[To do]
Produce a faithful copy of the data, one that leaves out the pictures.

[Data extracts]
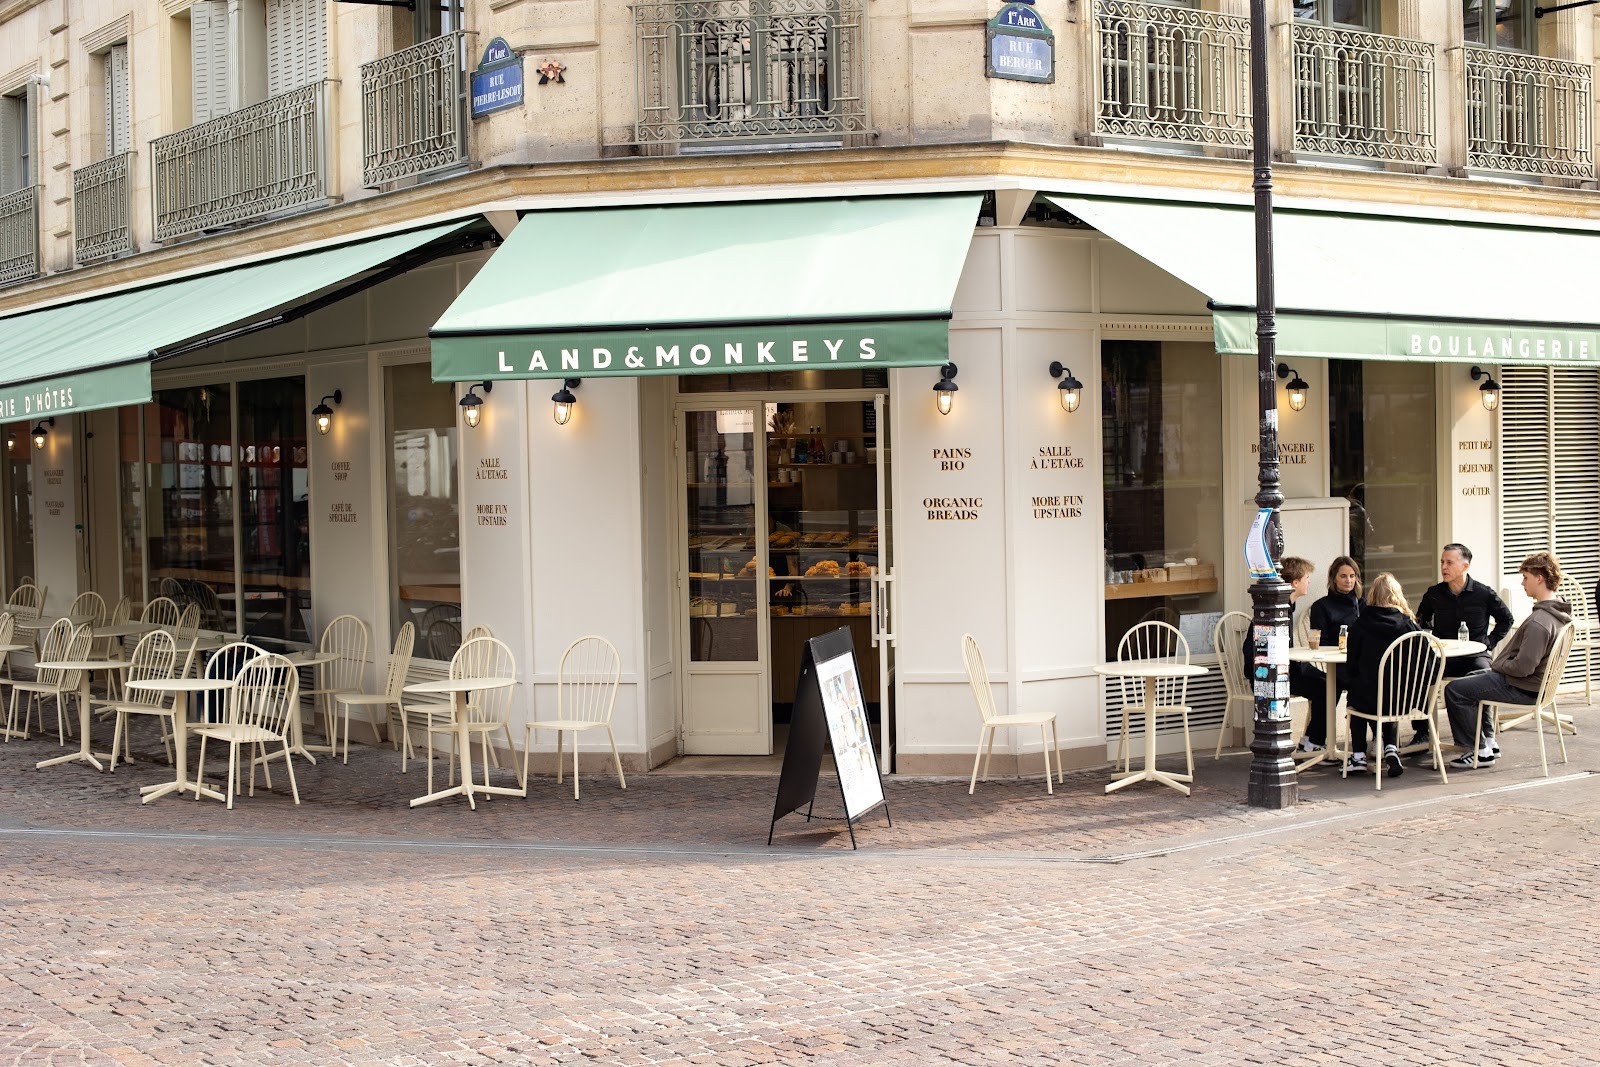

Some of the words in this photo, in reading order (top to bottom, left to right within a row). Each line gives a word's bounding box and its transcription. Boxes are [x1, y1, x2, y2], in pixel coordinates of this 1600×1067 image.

[1010, 41, 1032, 53] RUE
[1000, 56, 1042, 70] BERGER
[490, 74, 504, 87] RUE
[474, 84, 522, 107] PIERRE-LESCOT
[1411, 334, 1588, 359] BOULANGERIE
[498, 338, 877, 372] LAND&MONKEYS
[25, 387, 72, 413] D'HÔTES
[1252, 444, 1314, 453] BANGERIE
[1459, 441, 1479, 450] PETIT
[933, 448, 971, 458] PAINS
[1040, 447, 1072, 456] SALLE
[332, 462, 350, 470] COFFEE
[481, 458, 500, 467] SALLE
[941, 461, 964, 470] BIO
[1031, 457, 1038, 469] À
[1459, 463, 1494, 473] DÉJEUNER
[335, 472, 347, 481] SHOP
[1463, 485, 1490, 496] GOÛTER
[923, 498, 983, 508] ORGANIC
[1032, 496, 1060, 506] MORE
[1064, 496, 1083, 505] FUN
[332, 501, 344, 512] CAFÉ
[346, 504, 352, 512] DE
[477, 505, 493, 513] MORE
[496, 505, 507, 513] FUN
[928, 510, 978, 520] BREADS
[1034, 508, 1082, 519] UPSTAIRS
[478, 516, 506, 525] UPSTAIRS
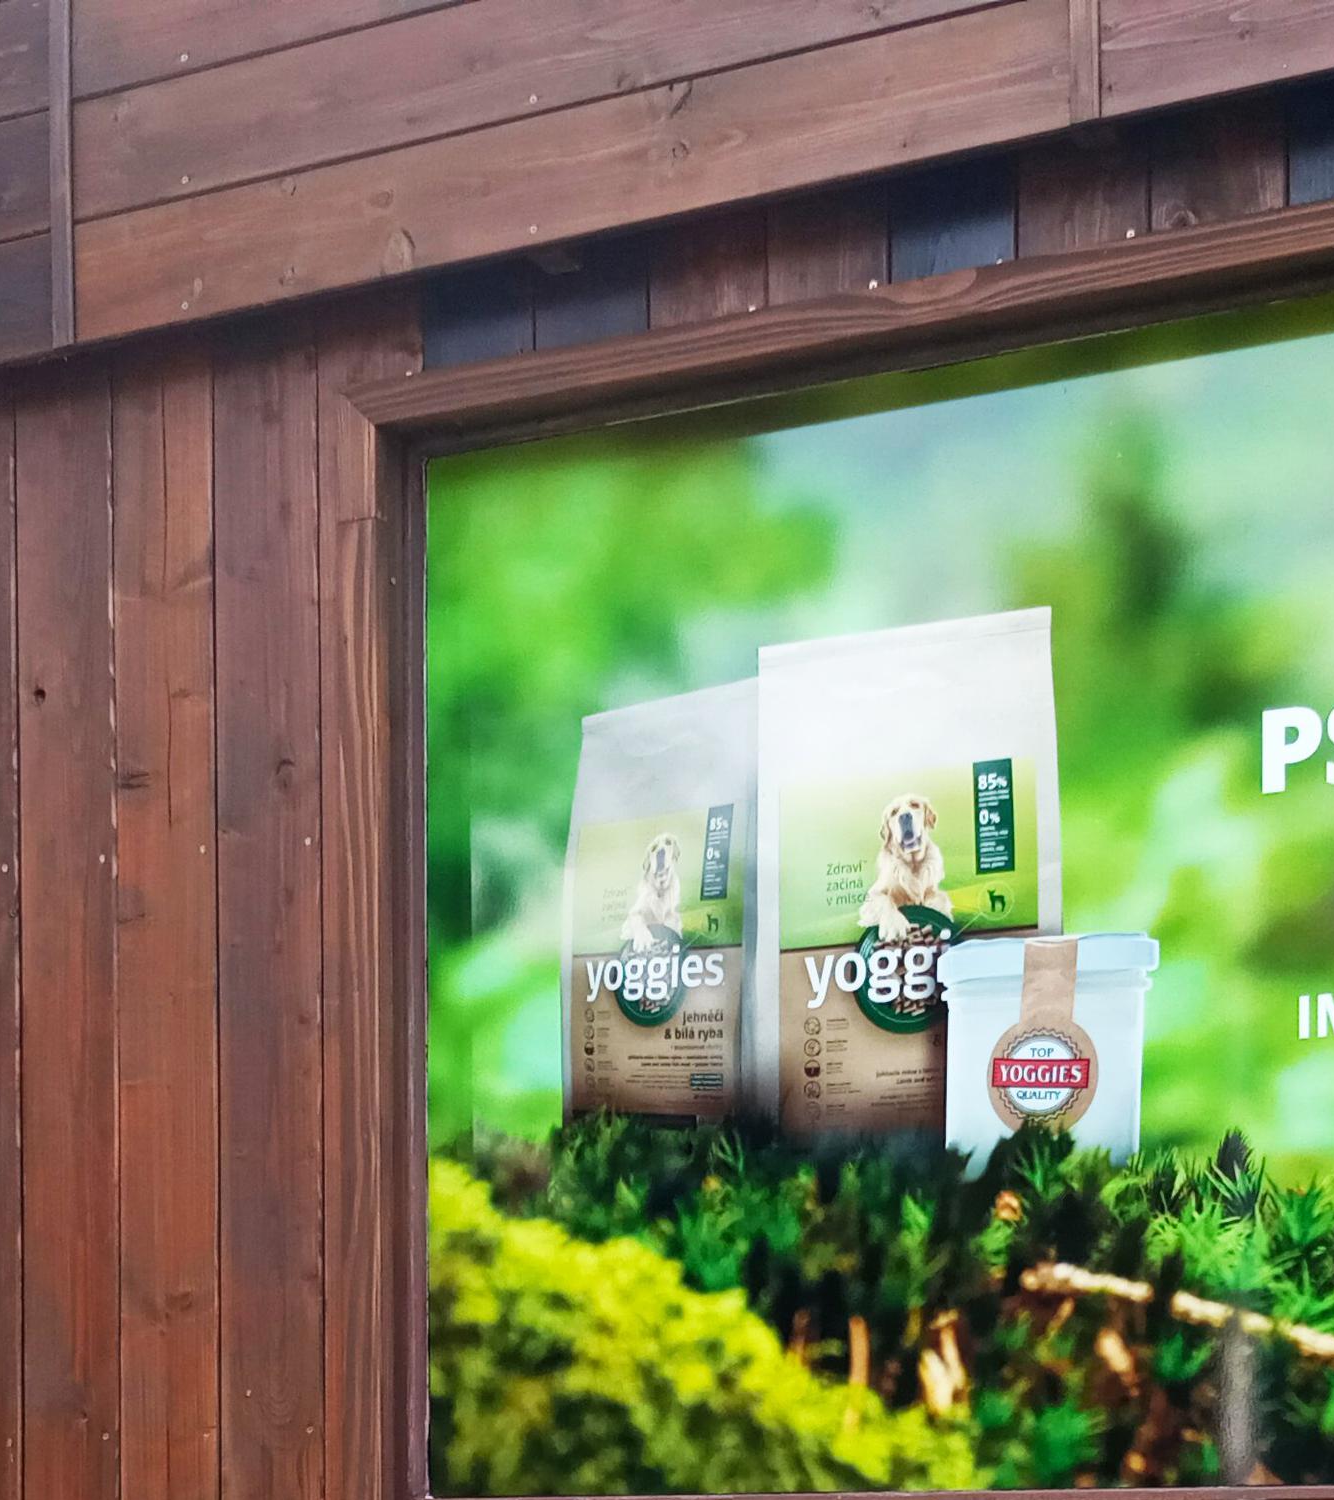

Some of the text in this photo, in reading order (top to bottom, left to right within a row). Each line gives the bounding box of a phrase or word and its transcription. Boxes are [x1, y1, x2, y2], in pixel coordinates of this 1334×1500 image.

[Response to the task]
Some of the words in this photo, in reading order (top to bottom, left to right within a row). Each line gives a word's bounding box and its transcription. Boxes are [x1, y1, x2, y2], in pixel coordinates of this 1600×1067 image.

[1010, 41, 1032, 53] RUE
[1000, 56, 1042, 70] BERGER
[490, 74, 504, 87] RUE
[474, 84, 522, 107] PIERRE-LESCOT
[1411, 334, 1588, 359] BOULANGERIE
[498, 338, 877, 372] LAND&MONKEYS
[25, 387, 72, 413] D'HÔTES
[1252, 444, 1314, 453] BANGERIE
[1459, 441, 1479, 450] PETIT
[933, 448, 971, 458] PAINS
[1040, 447, 1072, 456] SALLE
[332, 462, 350, 470] COFFEE
[481, 458, 500, 467] SALLE
[941, 461, 964, 470] BIO
[1031, 457, 1038, 469] À
[1459, 463, 1494, 473] DÉJEUNER
[335, 472, 347, 481] SHOP
[1463, 485, 1490, 496] GOÛTER
[923, 498, 983, 508] ORGANIC
[1032, 496, 1060, 506] MORE
[1064, 496, 1083, 505] FUN
[332, 501, 344, 512] CAFÉ
[346, 504, 352, 512] DE
[477, 505, 493, 513] MORE
[496, 505, 507, 513] FUN
[928, 510, 978, 520] BREADS
[1034, 508, 1082, 519] UPSTAIRS
[478, 516, 506, 525] UPSTAIRS

Some of the text in this photo, in reading order (top to bottom, left to right within a row). Each line gives the bounding box of a phrase or word and its transcription. Boxes are [x1, y1, x2, y2], in pixel coordinates of this 1334×1500 image.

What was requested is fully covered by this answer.